0 votes, average: 0.00 out of 1 (0 votes, average: 0.00 out of 1)
You need to be a registered member to rate this post.
Loading...

1

Baca Parts Lainnya Klik Di sini

Jam 7.30 wib. Biasanya Randy sudah menyiapkan segala keperluannya dan bersiap berangkat ke kantor. Rutinitasnya setiap hari tidak berubah. Bangun pagi, merapikan tempat tidur, mandi, sarapan dan berangkat ke kantor. Pada malam hari, kegiatannya disambung dengan perkuliahan. Lelah memang melakukan 2 tugas sekaligus ditambah dia harus membagi pikiran dan waktu untuk menyelesaikan semua tugas-tugasnya.

Randy tidak berani mengeluh. Dibandingkan dengan dirinya, kakaknya Nina mempunyai peran yang lebih besar sebagai penopang keluarga. Nina bekerja siang malam untuk membiayai sekolah dan kuliahnya. Sebenarnya Randy sudah bisa membayar pendidikannya sendiri. Namun, tekanan dari mama yang meminta Nina harus bertanggung jawab atas keperluannya.

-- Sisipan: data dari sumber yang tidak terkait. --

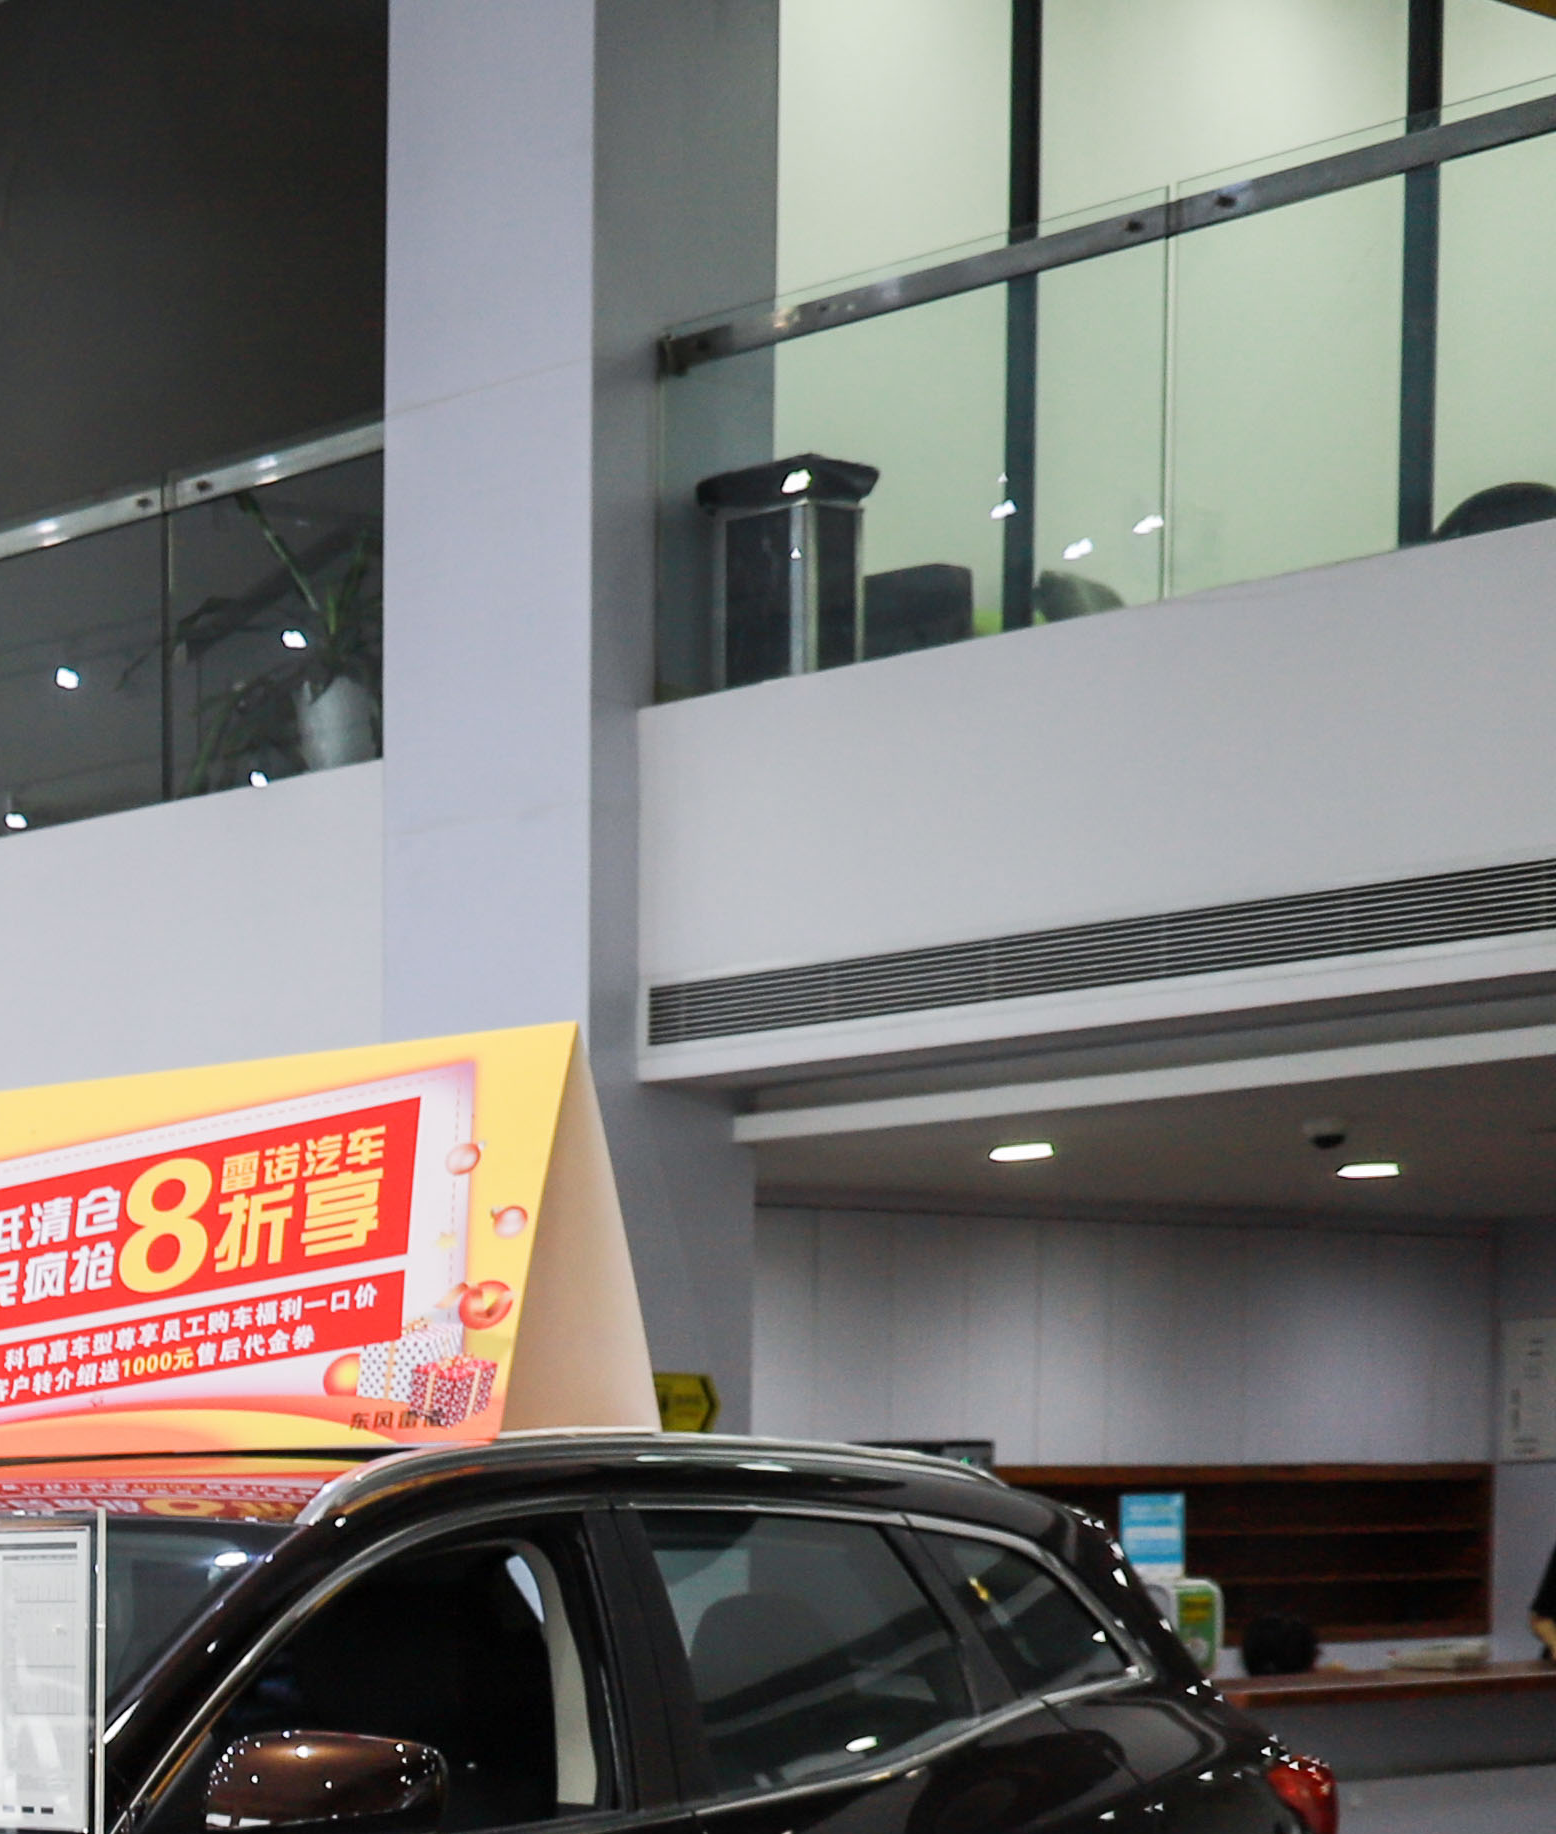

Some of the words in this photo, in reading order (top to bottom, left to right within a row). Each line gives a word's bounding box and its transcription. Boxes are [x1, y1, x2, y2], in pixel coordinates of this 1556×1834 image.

[220, 1126, 387, 1194] 雷诺汽车
[118, 1157, 214, 1294] 8
[215, 1169, 385, 1273] 折享

Nina tidak pernah mengeluh. Kakaknya itu bahkan sudah berkorban banyak untuknya. Agar Nina tidak perlu bekerja keras, dia sengaja memilih universitas biasa dan mengambil kelas malam. Pilihannya tentu saja tidak setujui oleh mamanya. Terkadang Randy tidak habis pikir, kenapa mama begitu keras kepada Nina dan berharap banyak hal padanya? Padahal mereka sama-sama anaknya dan Randy tahu jelas kalau kakanya itu sangat luar biasa.

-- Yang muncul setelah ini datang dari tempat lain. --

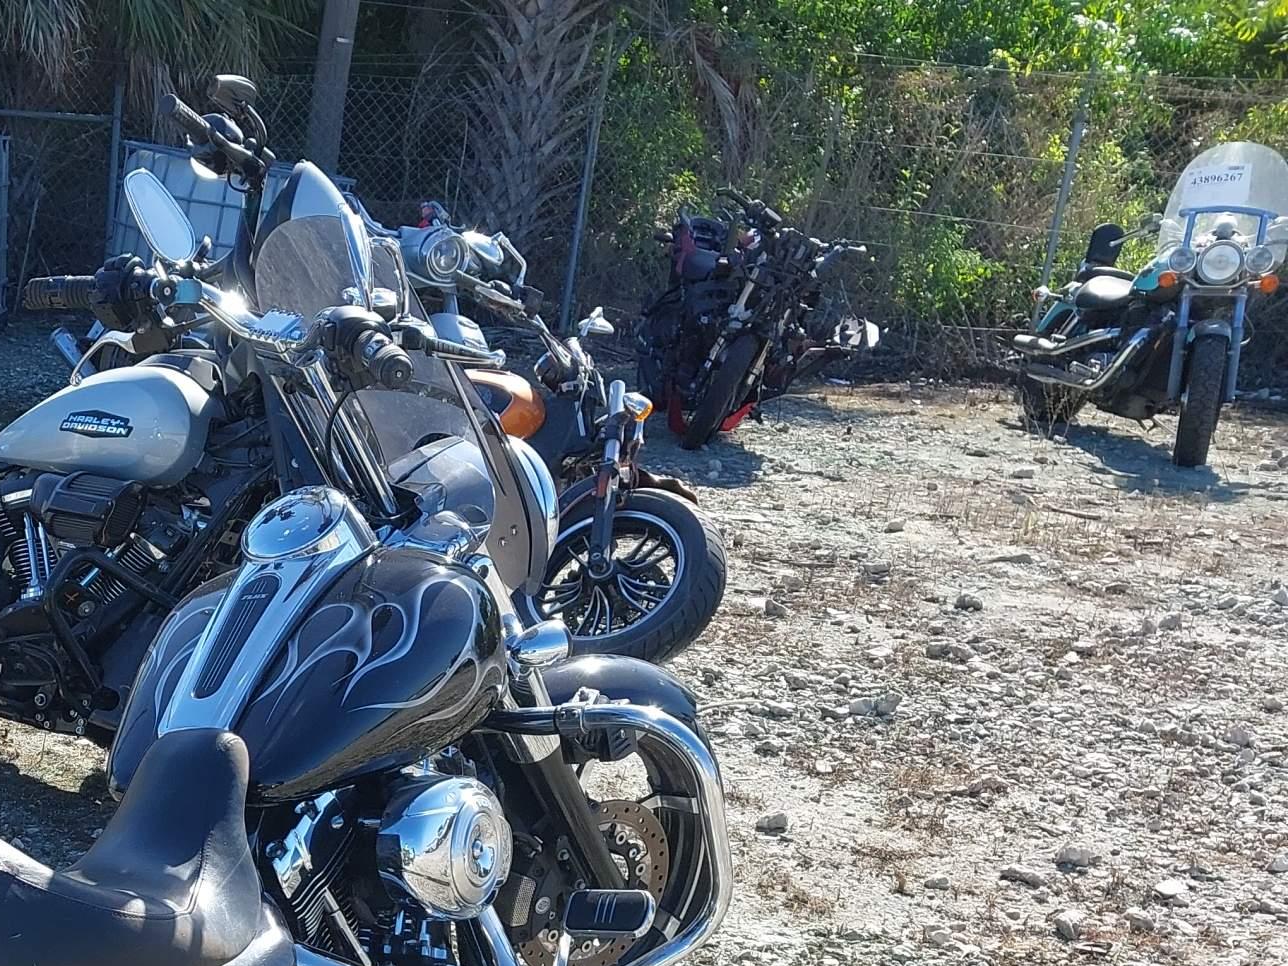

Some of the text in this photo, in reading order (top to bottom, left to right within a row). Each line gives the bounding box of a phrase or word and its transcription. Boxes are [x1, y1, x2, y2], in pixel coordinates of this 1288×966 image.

[1190, 172, 1244, 186] 43896267
[68, 415, 125, 426] HARLEY-
[61, 421, 129, 435] DAVIDSON
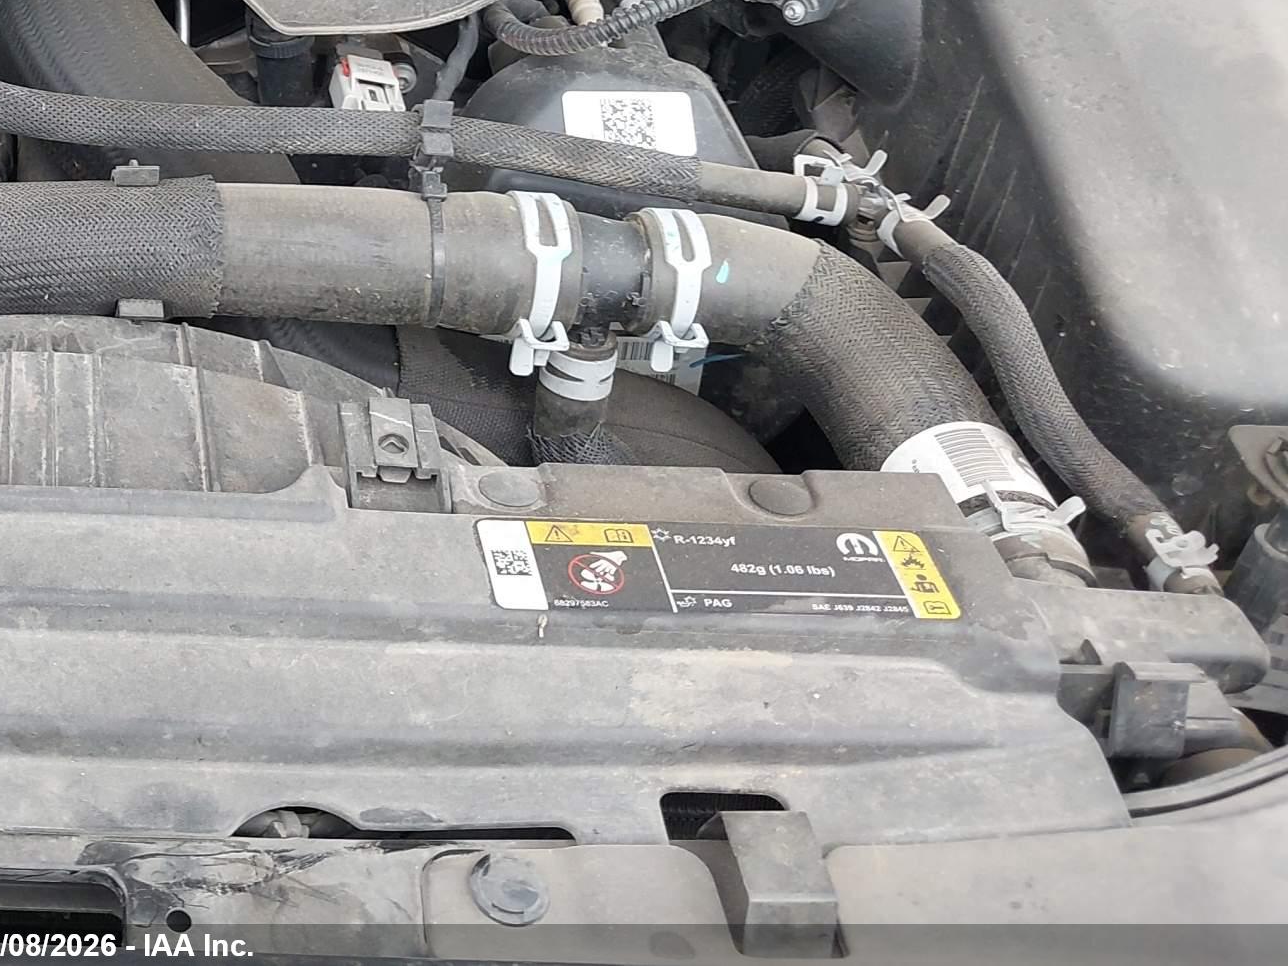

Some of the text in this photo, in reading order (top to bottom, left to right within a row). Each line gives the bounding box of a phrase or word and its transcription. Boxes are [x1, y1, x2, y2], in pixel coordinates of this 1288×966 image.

[673, 535, 736, 548] R-1234yf
[730, 563, 836, 578] 482g (1.06 lbs)
[703, 597, 733, 609] PAG

Ketika Randy ingin memakai sepatu, dia melihat Nina duduk diambang pintu. Dahinya berkerut melihat kakaknya yang memakai seragam lengkap. Seingatnya, kakaknya itu diberi libur tambahan 3 hari karena baru pulang. Namun kelihatannya Nina ingin langsung bekerja.

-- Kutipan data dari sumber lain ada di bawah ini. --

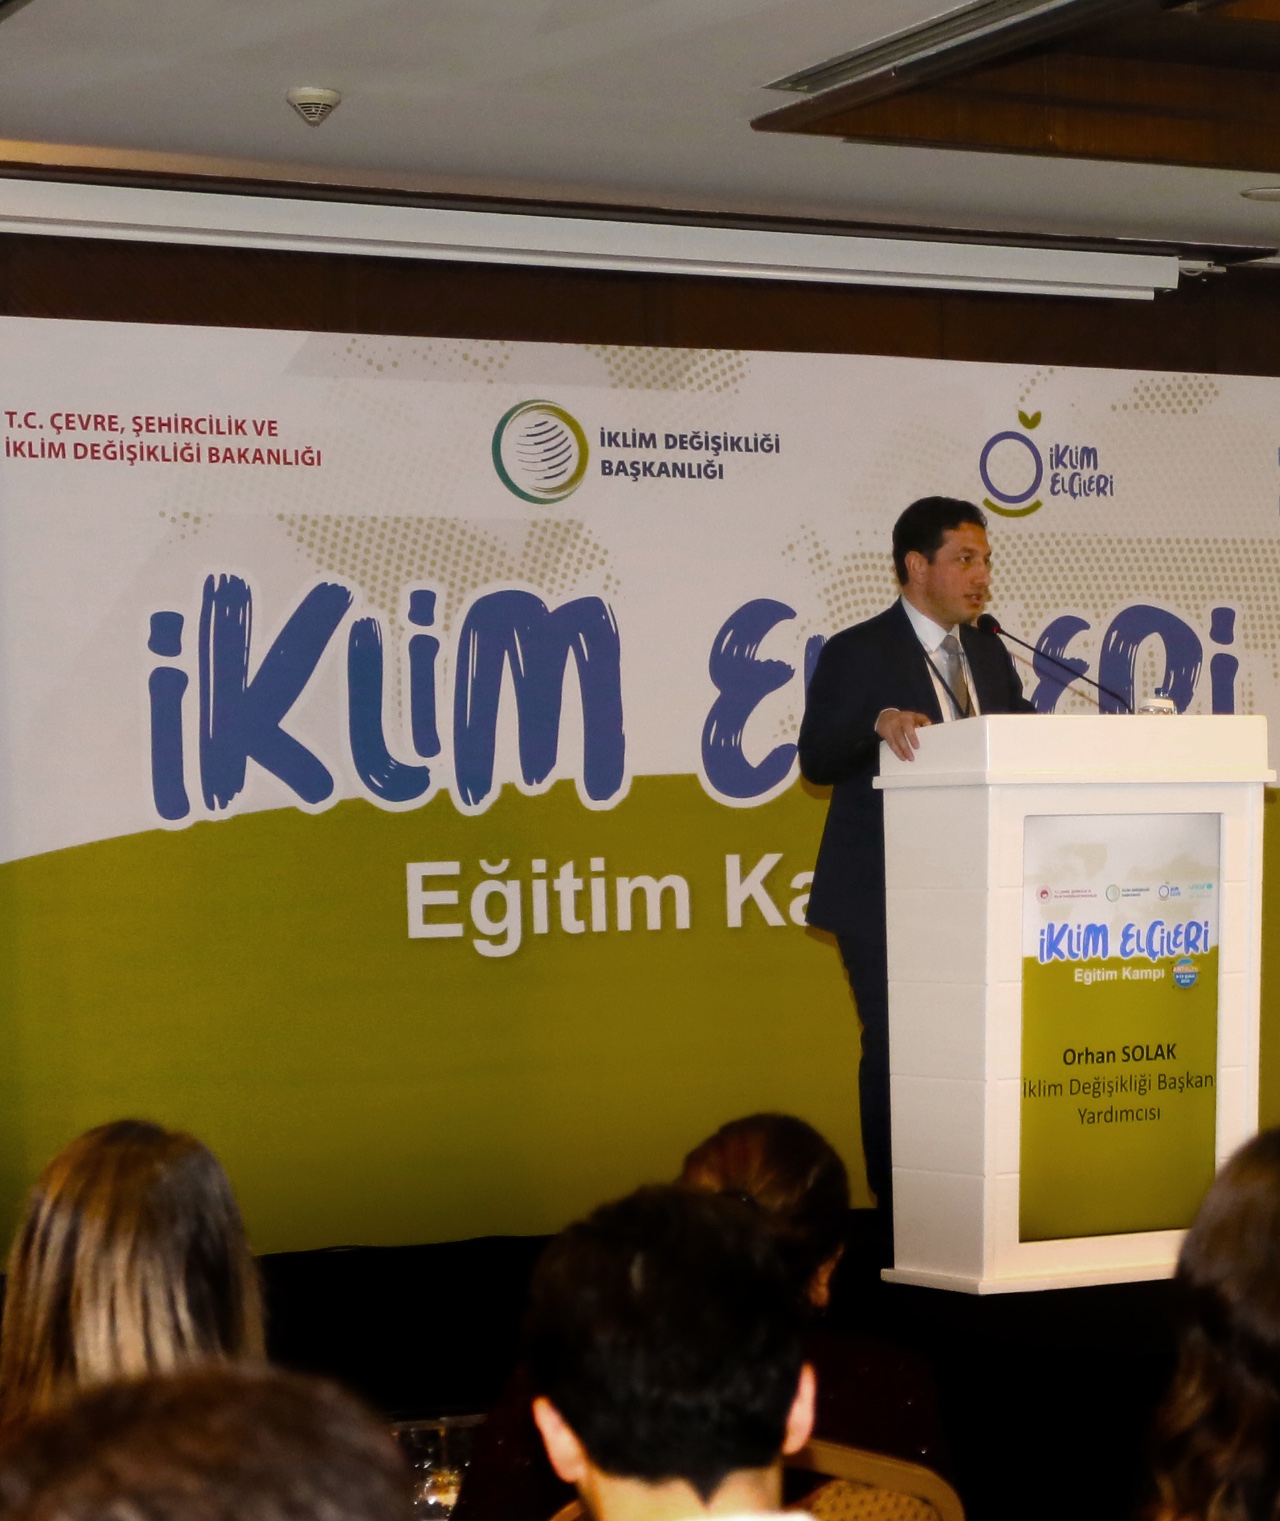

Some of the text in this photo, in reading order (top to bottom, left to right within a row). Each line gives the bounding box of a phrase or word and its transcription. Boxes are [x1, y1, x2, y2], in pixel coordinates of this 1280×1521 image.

[4, 411, 278, 437] T.C. ÇEVRE, ŞEHİRCİLİK VE
[4, 436, 322, 467] İKLİM DEĞİŞİKLİĞİ BAKANLIĞI
[599, 426, 780, 456] İKLİM DEĞİŞİKLİĞİ
[601, 459, 724, 482] BAŞKANLIĞI
[149, 573, 625, 821] İKLİM
[405, 856, 690, 958] Eğitim
[1039, 920, 1209, 964] İKLİM ELÇİLERİ
[1074, 966, 1165, 986] Eğitim Kampı
[1062, 1042, 1177, 1066] Orhan SOLAK
[1023, 1070, 1214, 1099] İklim Değişikliği Başkan
[1077, 1104, 1161, 1125] Yardımcısı

“Kak, gak mau libur sehari dulu?”

Nina menoleh mendapati Randy yang berdiri dibelakangnya. Wajah kagum tercetak diwajah ketika melihat adiknya memakai sangat cocok mengenakan kemeja biru dengan celana kain hitam. Otak yang cerdas, tinggi yang hampir 180 cm dengan wajah rupawan pasti membuat banyak perempuan tertarik padanya. Tetapi setelah dilihat lagi, Alex masih lebih tinggi dari Randy bahkan jauh.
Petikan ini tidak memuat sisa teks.